American private hedge fund

Harbinger Capital Partners was a private hedge fund based in New York City, New York, founded by Philip Falcone. Harbinger was a highly diversified multi-strategy hedge fund. Notable investments included sub-prime mortgages in the United States and the United Kingdom, such as HBOS, and LightSquared, a wireless communications company that filed for bankruptcy in 2012. The fund was wound down after a series of legal problems.

==History==
Harbinger was founded in 2001 by Philip Falcone and Harbert Management Corporation, a Birmingham, Alabama-based investment company that provided much of the original funding. Harbinger had funds under management of $26.5 billion (£13.4 billion) as of the end of June 2008. In 2009, Harbinger acquired the ownership of its funds from Harbert. Also in 2009, Harbinger acquired controlling stock of the Zapata Corporation from the Glazer family and changed its name to The Harbinger Group Inc. (NYSE: HRG). The hedge fund is based in New York, New York. The firm's hedge funds include the Harbinger Capital Partners Master Fund, the Credit Distressed BlueLine Fund, and Harbinger Capital Partners Special Situations Fund.

Harbinger has owned large stakes in The New York Times Company, Cleveland-Cliffs, and 28% stock ownership of satellite communications company Inmarsat. The company has also owned stakes in rival satellite operators SkyTerra and Terrestar, and British sugar producer Tate & Lyle. The company was ranked on the Wall Street Journal's "The Hedge Fund 100" list in 2008 and 2009. According to press accounts the assets under management at Harbinger peaked at $26 billion in 2008 and had declined to approximately $9 billion as of 2010 due to sizeable investor redemptions with approximately 40% of that total (approximately $3.5 billion) concentrated in investments related to building a high-speed wireless network in the United States.

Harbinger Capital, which owned Russell Hobbs, merged it with Spectrum Brands on June 16, 2010, for $661 million and now controls approximately 64% of the appliance maker, Spectrum.
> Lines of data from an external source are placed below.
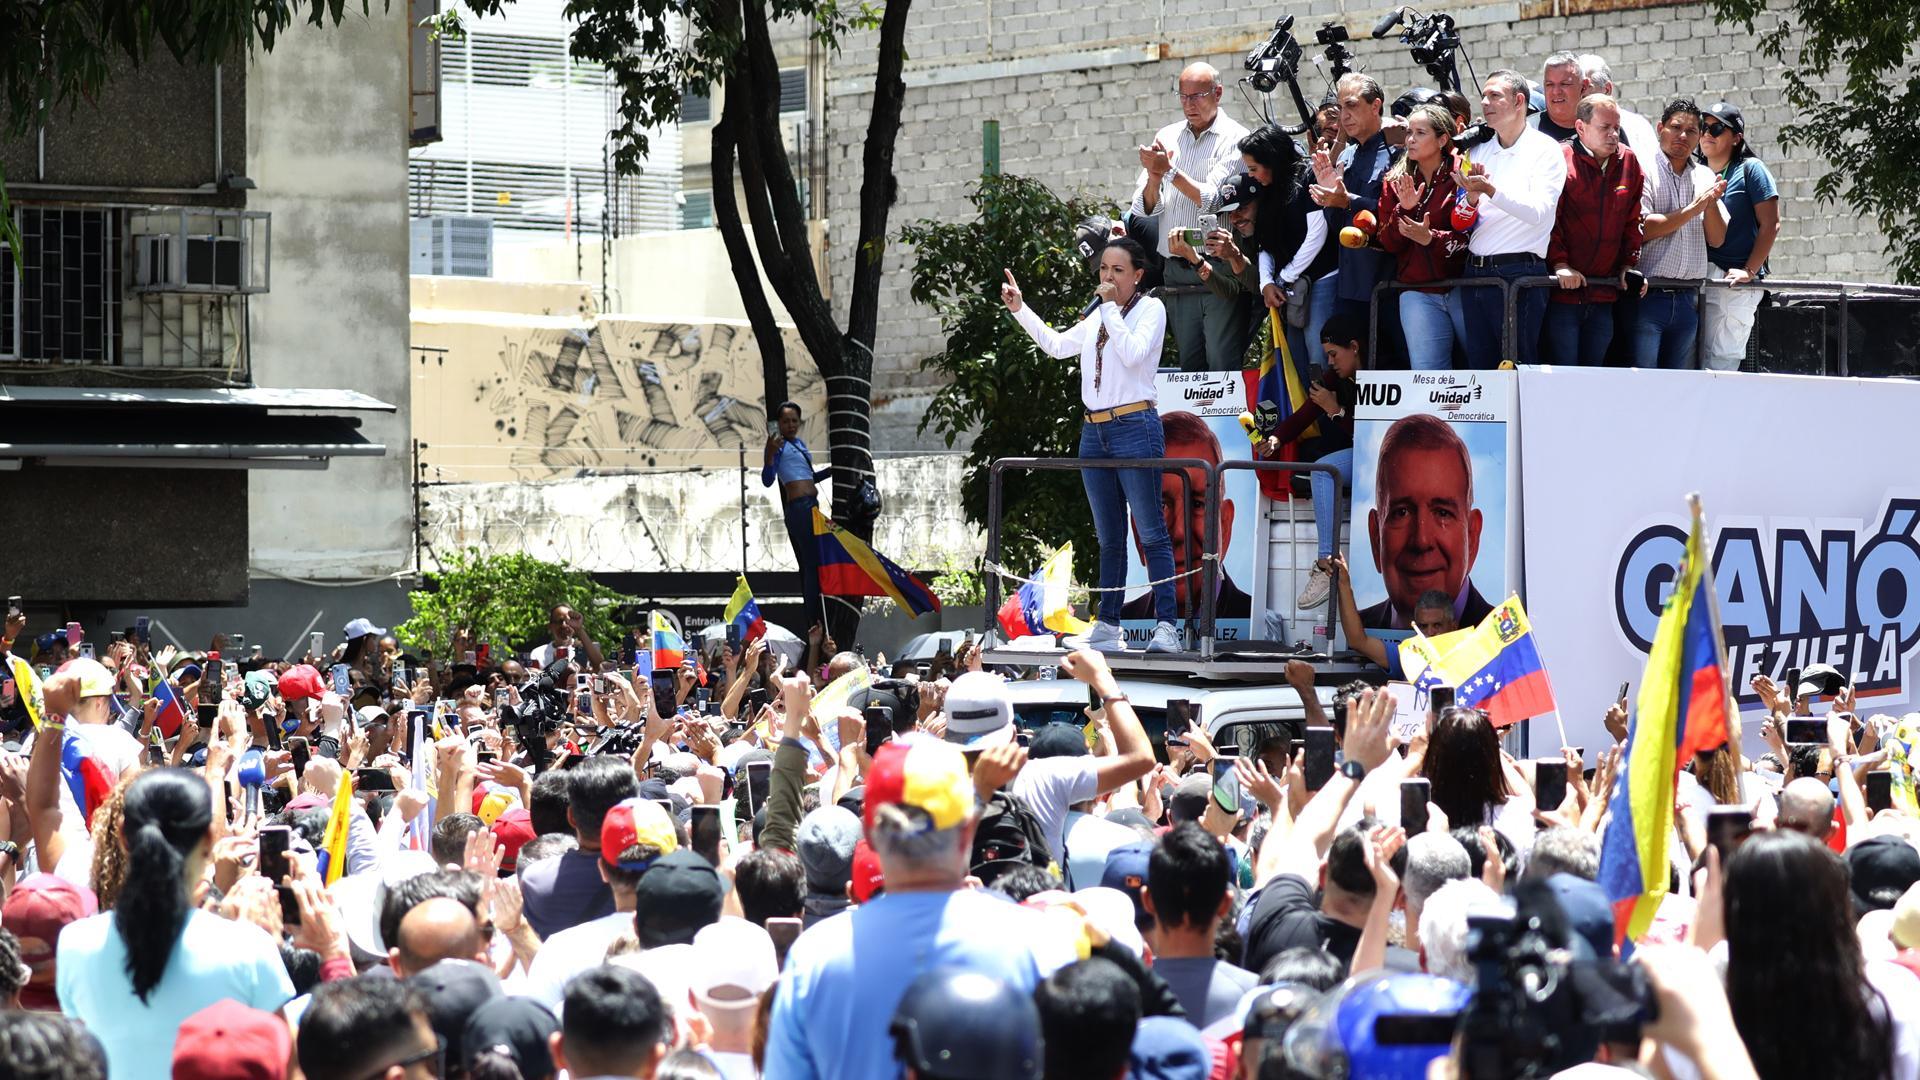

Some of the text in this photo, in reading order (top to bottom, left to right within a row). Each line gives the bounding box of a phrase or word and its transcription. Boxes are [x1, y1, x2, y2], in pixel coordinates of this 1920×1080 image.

[1167, 373, 1189, 383] Mesa
[1412, 374, 1436, 385] Mesa
[1184, 386, 1225, 400] Unidad
[1353, 383, 1402, 406] MUD
[1429, 390, 1472, 404] Unidad
[1201, 406, 1247, 415] Democrática
[1448, 411, 1496, 421] Democrática
[1615, 498, 1920, 655] GANÓ
[685, 616, 720, 626] Entrada
[1175, 628, 1238, 642] GNLEZ
In November 2014, Falcone announced his resignation as chief executive and chairman from Harbinger Group HRG, whose second-biggest shareholder is Harbinger Capital. Falcone was paid a lump sum of $40.3 million upon his resignation.

In March 2015, the lawsuit accusing Falcone and Harbinger Capital Partners of "misleading investors about the firm's stake in LightSquared Inc." was dismissed. That same month, a judge approved Harbinger Capital's restructuring plan of LightSquared, which paid off lender Charlie Ergen, and put LightSquared in the hands of investors, including JP Morgan Chase. As part of the deal, Harbinger maintained 44% equity, but Falcone would no longer be involved in day-to-day operations.
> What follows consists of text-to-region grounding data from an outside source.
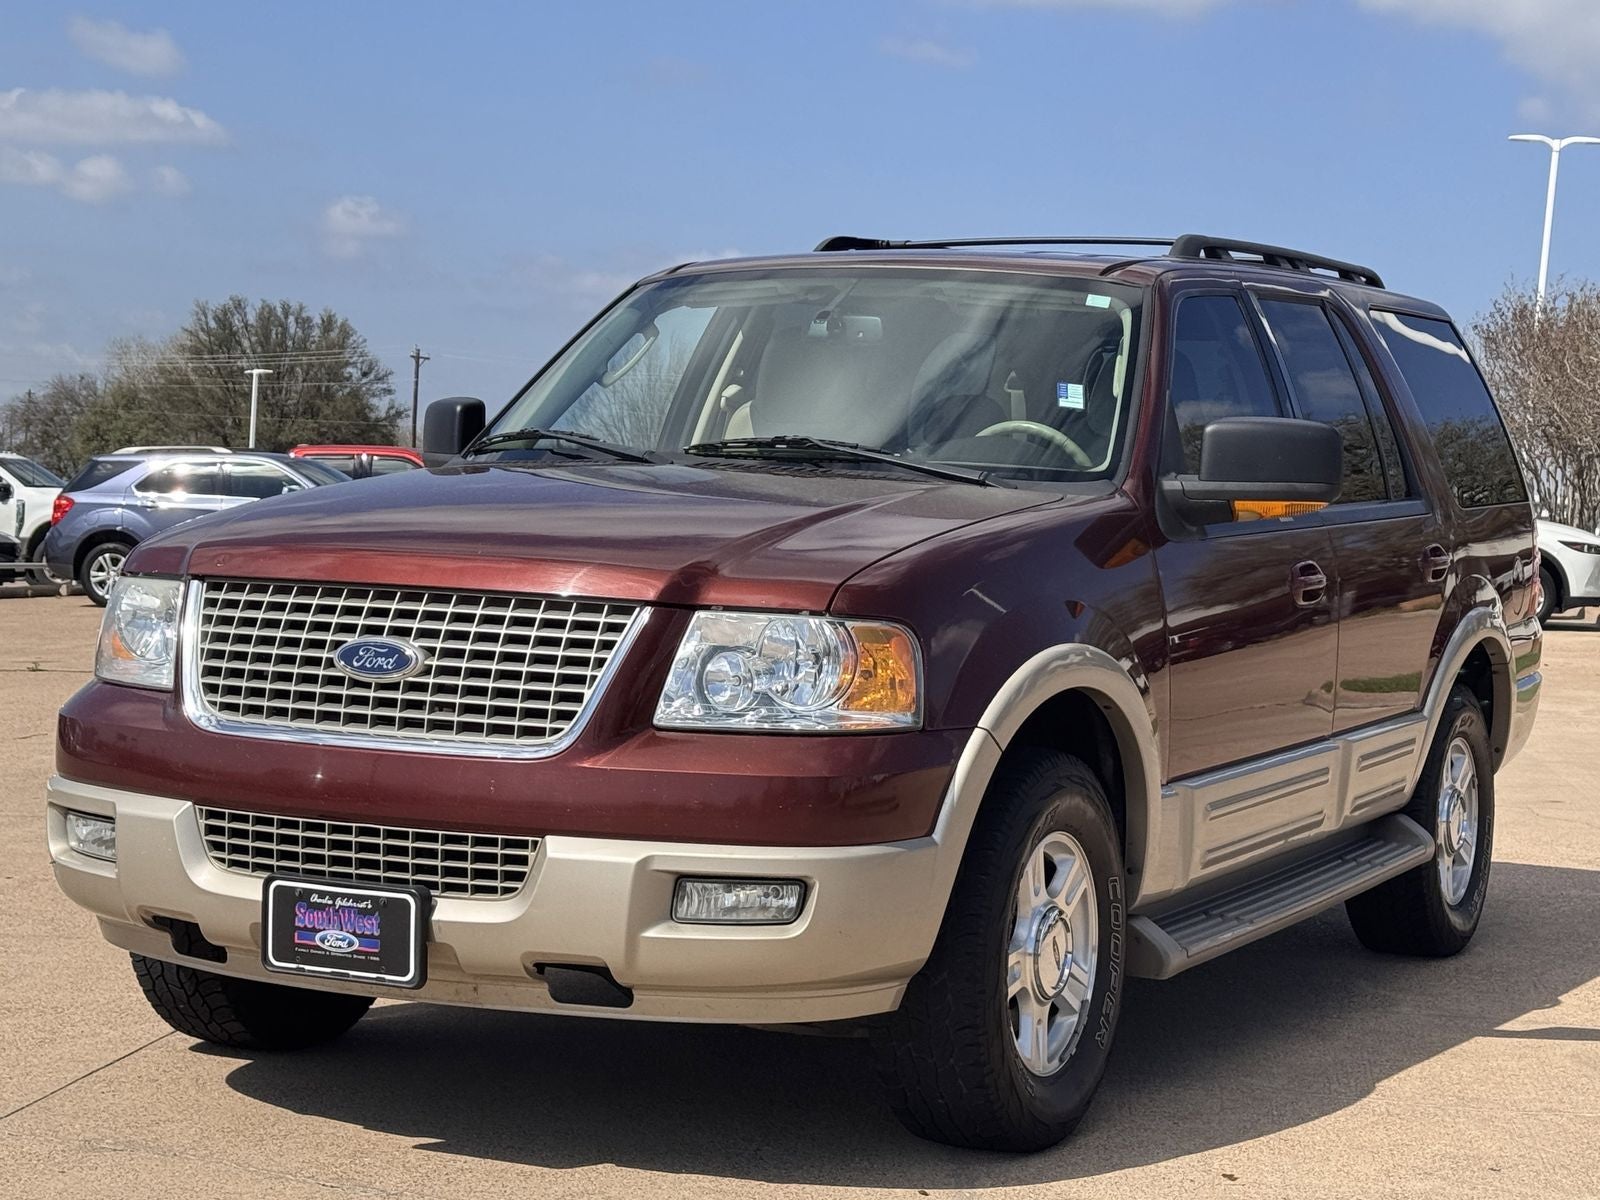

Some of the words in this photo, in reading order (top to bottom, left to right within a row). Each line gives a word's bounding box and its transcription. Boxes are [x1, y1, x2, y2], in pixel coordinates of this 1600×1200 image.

[353, 646, 398, 669] Ford
[324, 934, 349, 948] Ford
[1095, 877, 1122, 1049] COOPER
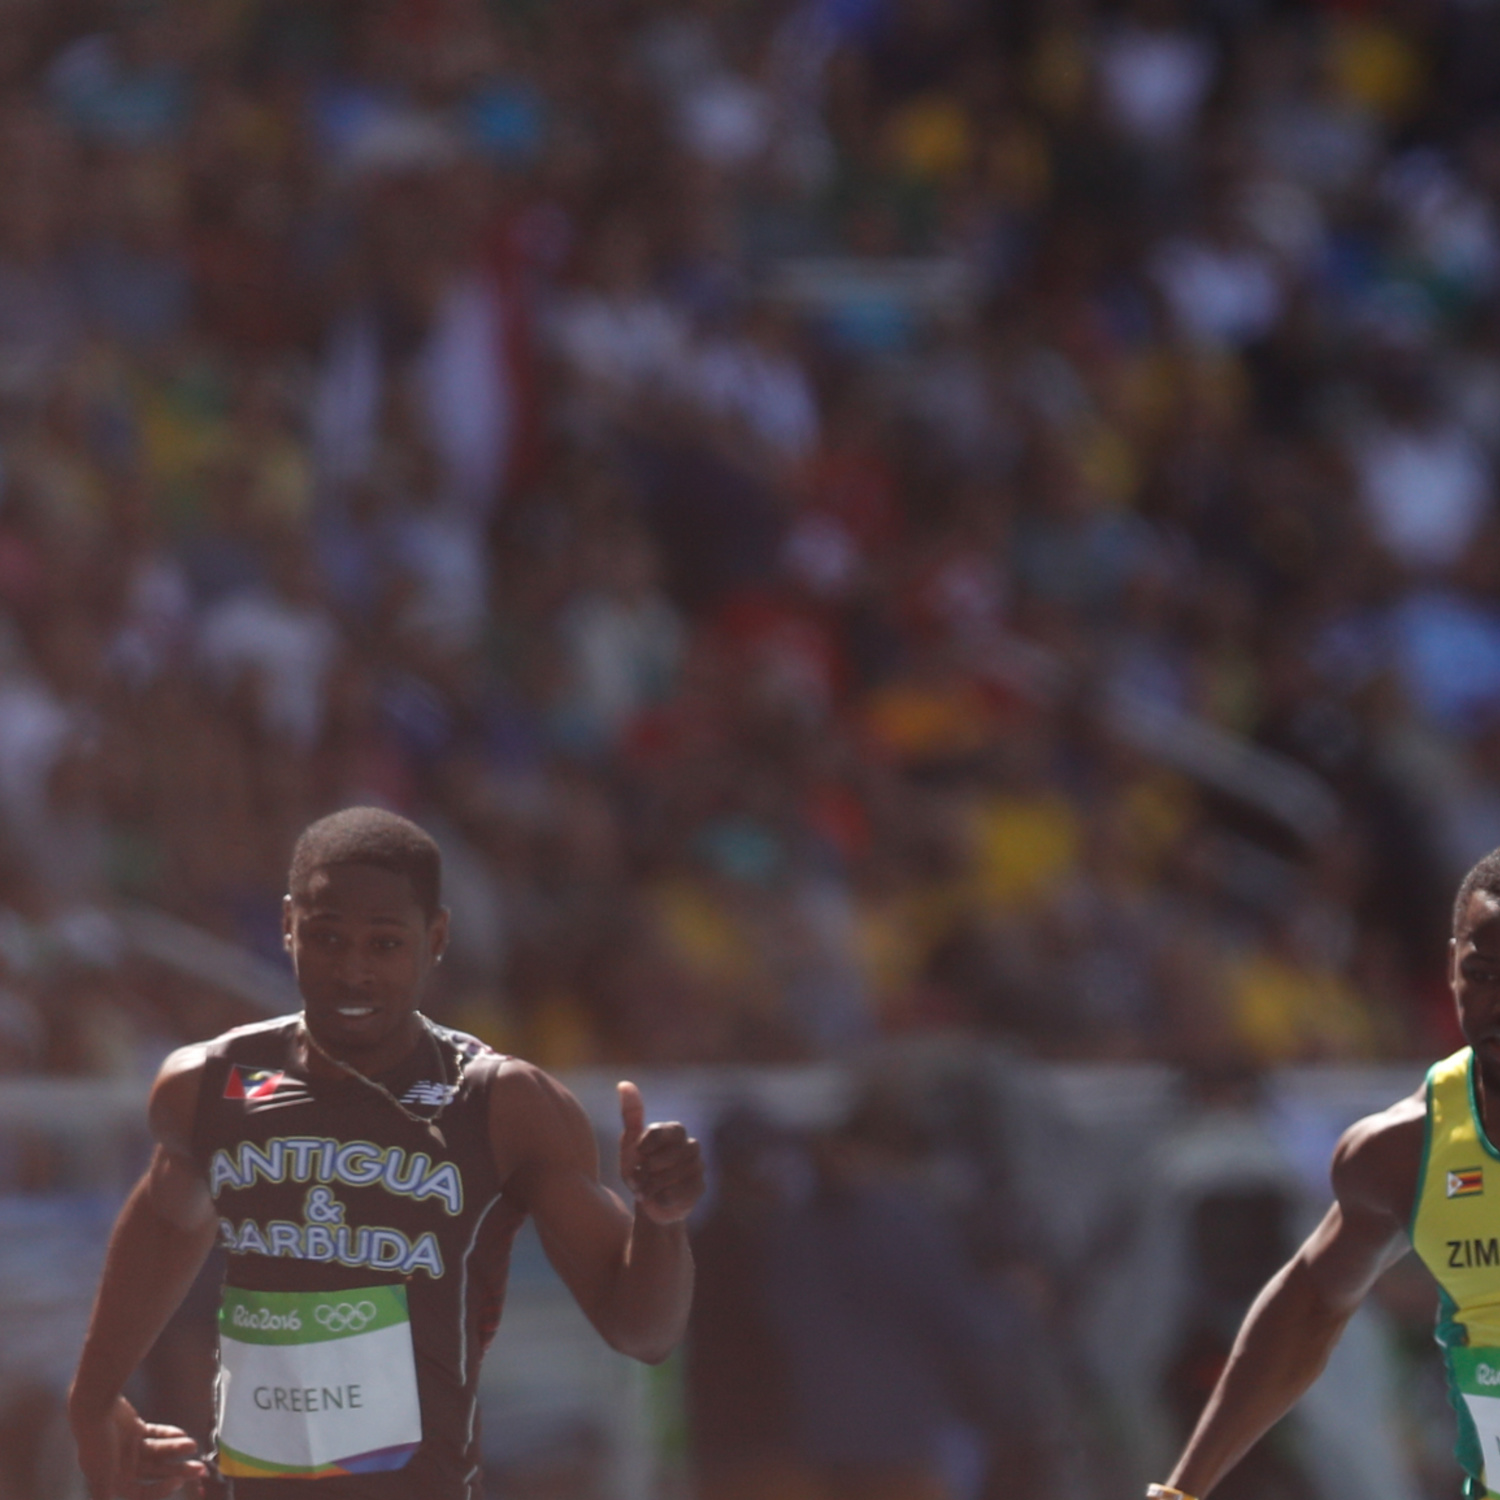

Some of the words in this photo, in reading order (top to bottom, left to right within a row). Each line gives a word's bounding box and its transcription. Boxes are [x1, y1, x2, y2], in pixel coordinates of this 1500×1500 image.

[210, 1138, 464, 1214] ANTIGUA
[305, 1186, 345, 1225] &
[253, 1384, 363, 1412] GREENE
As of 2015, the top equity holdings of the firm were in the shares of the following companies: Spectrum Brands Inc, Harbinger Group Inc, North American Energy Partners Inc, and EXCO Resources Inc.
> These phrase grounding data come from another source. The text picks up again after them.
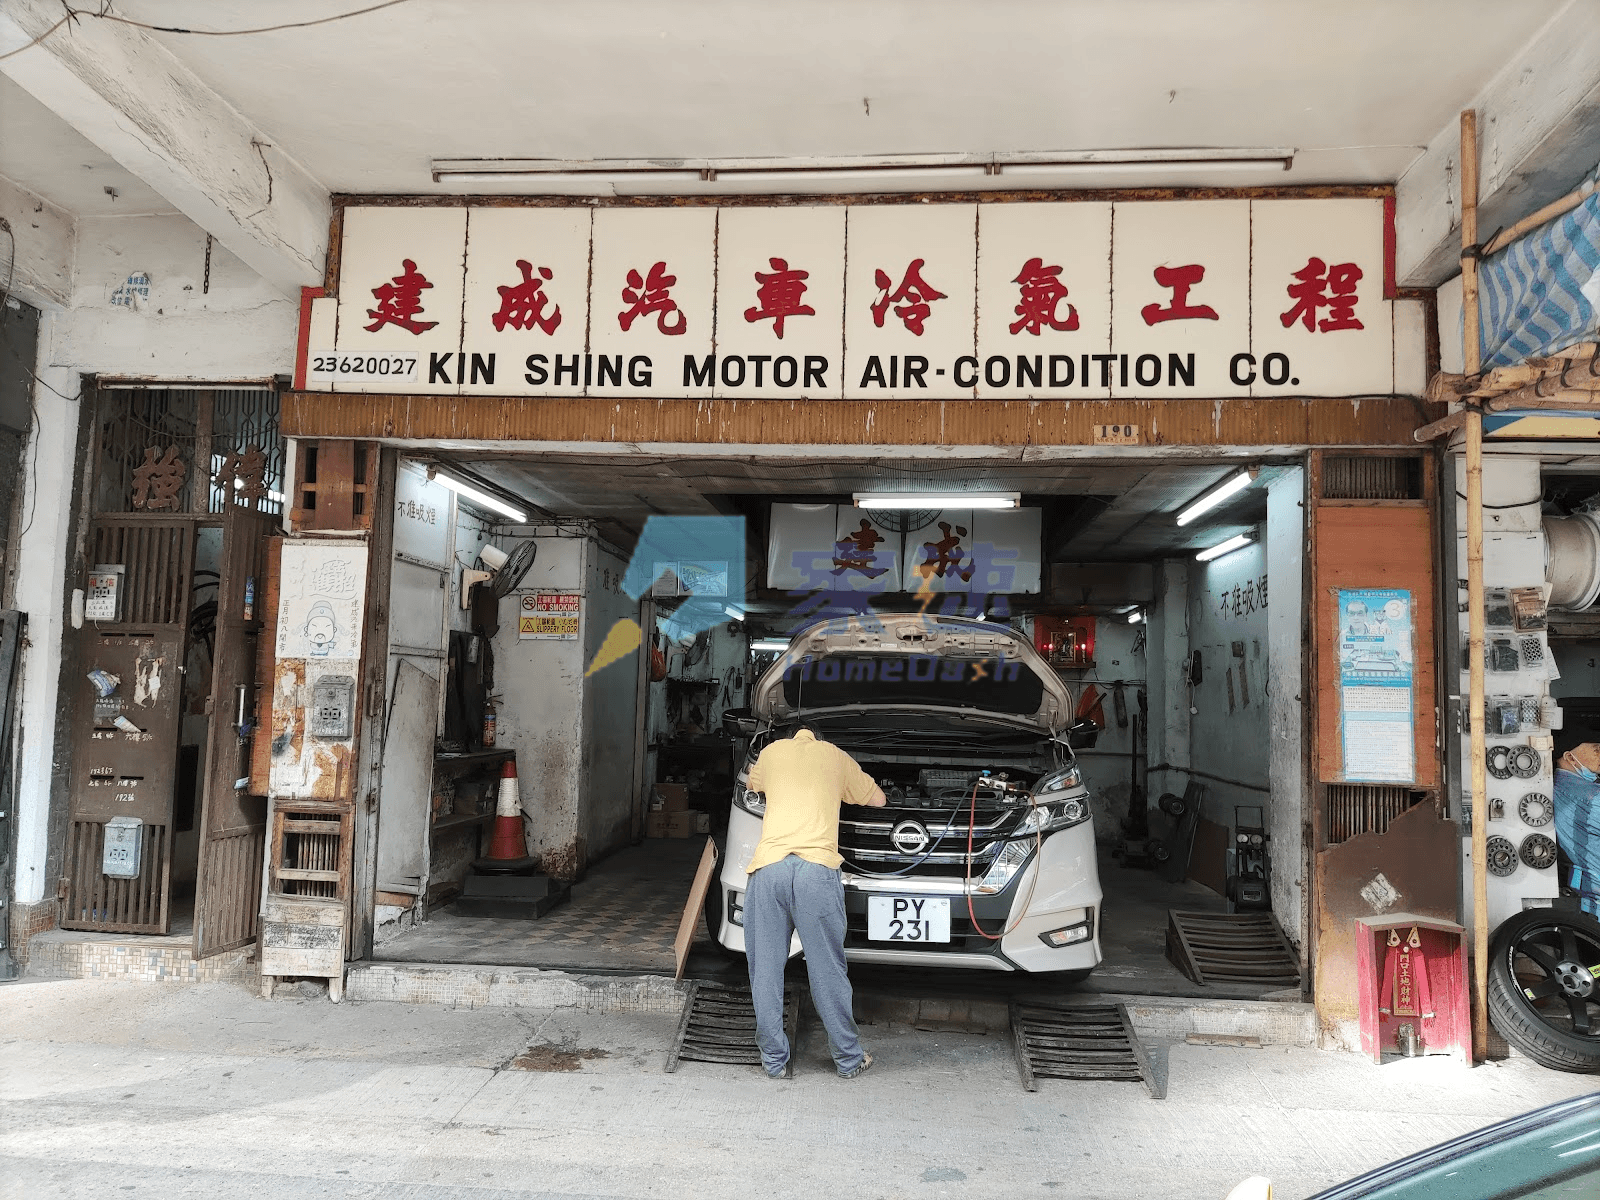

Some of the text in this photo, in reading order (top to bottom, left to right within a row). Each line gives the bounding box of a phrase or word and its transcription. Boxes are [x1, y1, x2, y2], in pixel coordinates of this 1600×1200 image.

[363, 257, 1364, 340] 建成汽車冷氣工程
[313, 355, 417, 378] 23620027
[428, 351, 1300, 389] KIN SHING MOTOR AIR-CONDITION CO.
[830, 519, 976, 582] 建成
[537, 603, 579, 611] NO SMOKING
[894, 834, 925, 842] NISSAN
[893, 898, 926, 920] PY
[888, 919, 930, 941] 231
[1399, 953, 1412, 1007] 門口土地財神
In December 2017, Harbinger Capital Partners filed a lawsuit against Apollo Global Management, alleging fraud over "pouring" "$2 billion into the ill-fated wireless venture formerly known as LightSquared Inc." The case was eventually dismissed in 2025 when it was shown that Harbinger failed to file the lawsuit before the six-year statute of limitations expired. By then, the fund had been wound down.

==SEC settlement==
In August 2013, the firm reached a settlement with the SEC agreeing to pay more than $18 million and admit wrongdoing. As part of the settlement, Harbinger Senior Managing Director Philip Falcone was also barred from the securities industry for at least five years, but it did not prohibit him from working as an officer or director of a public company. Among the SEC's multiple allegations were that Falcone misused fund assets and diverted fund assets for personal use, that the fund engaged in redemption and other practices that favored certain investors over others, and that fund attempted to conduct an improper short squeeze on the bonds of Canadian manufacturing firm, partially in retaliation against a competitor investment firm. Harbinger and Falcone largely admitted to these allegations in the settlement.

July 4, 2014, the U.S. Security and Exchange Commission's Office of the Whistleblower issued a "Final Order" in matter number 2012 -81 ruling that rejected a claim made by an individual requesting a reward for assisting in the investigation. The SEC rejected the claim, asserting in the "Claimant did not provide information that led to the successful enforcement" and denying the application.